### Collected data
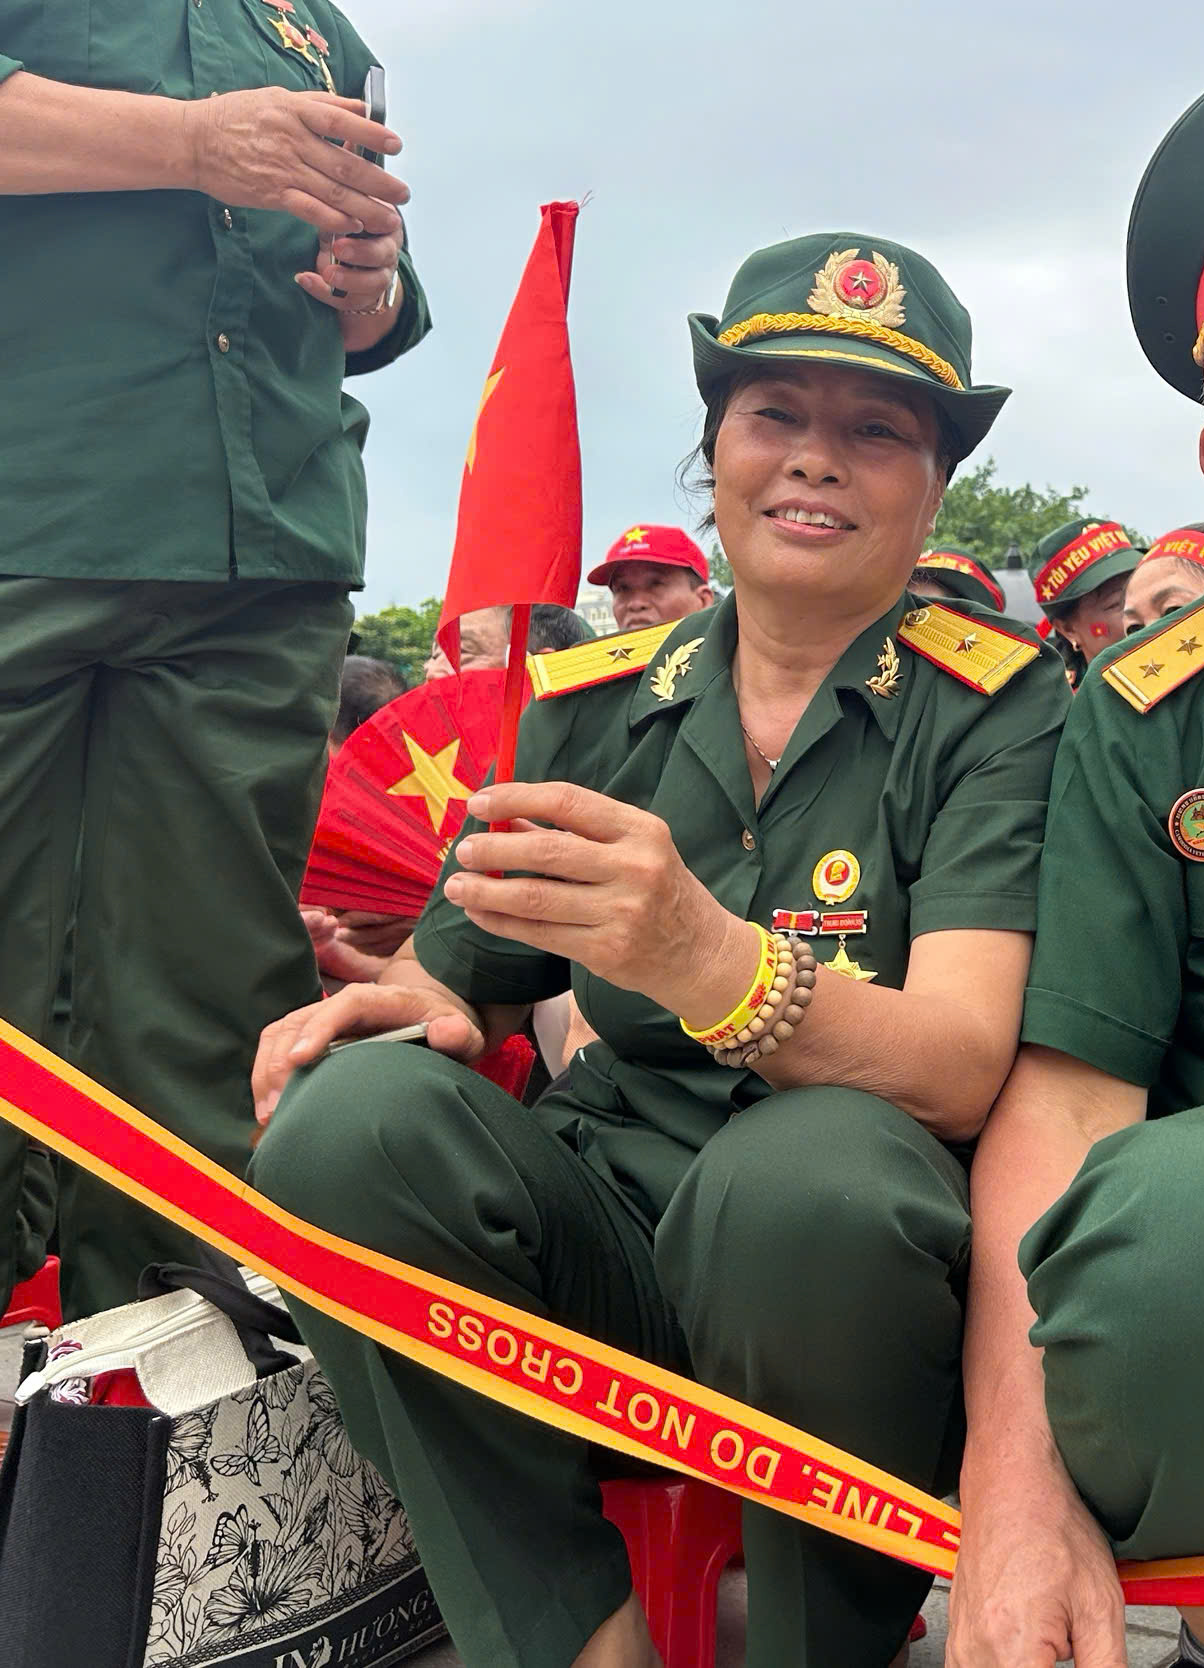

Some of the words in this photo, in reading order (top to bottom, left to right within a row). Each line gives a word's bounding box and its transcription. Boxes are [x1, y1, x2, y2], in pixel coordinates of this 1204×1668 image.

[1048, 566, 1069, 589] TÔI
[1063, 546, 1091, 573] YÊU
[427, 1302, 583, 1394] CROSS
[596, 1380, 696, 1449] NOT
[710, 1430, 781, 1488] DO

### EXERCISE DETAILS
Leave out the images and repeat the rest of the data word for word.

### RESPONSE FOR THIS EXERCISE
Some of the words in this photo, in reading order (top to bottom, left to right within a row). Each line gives a word's bounding box and its transcription. Boxes are [x1, y1, x2, y2], in pixel coordinates of this 1204×1668 image.

[1048, 566, 1069, 589] TÔI
[1063, 546, 1091, 573] YÊU
[427, 1302, 583, 1394] CROSS
[596, 1380, 696, 1449] NOT
[710, 1430, 781, 1488] DO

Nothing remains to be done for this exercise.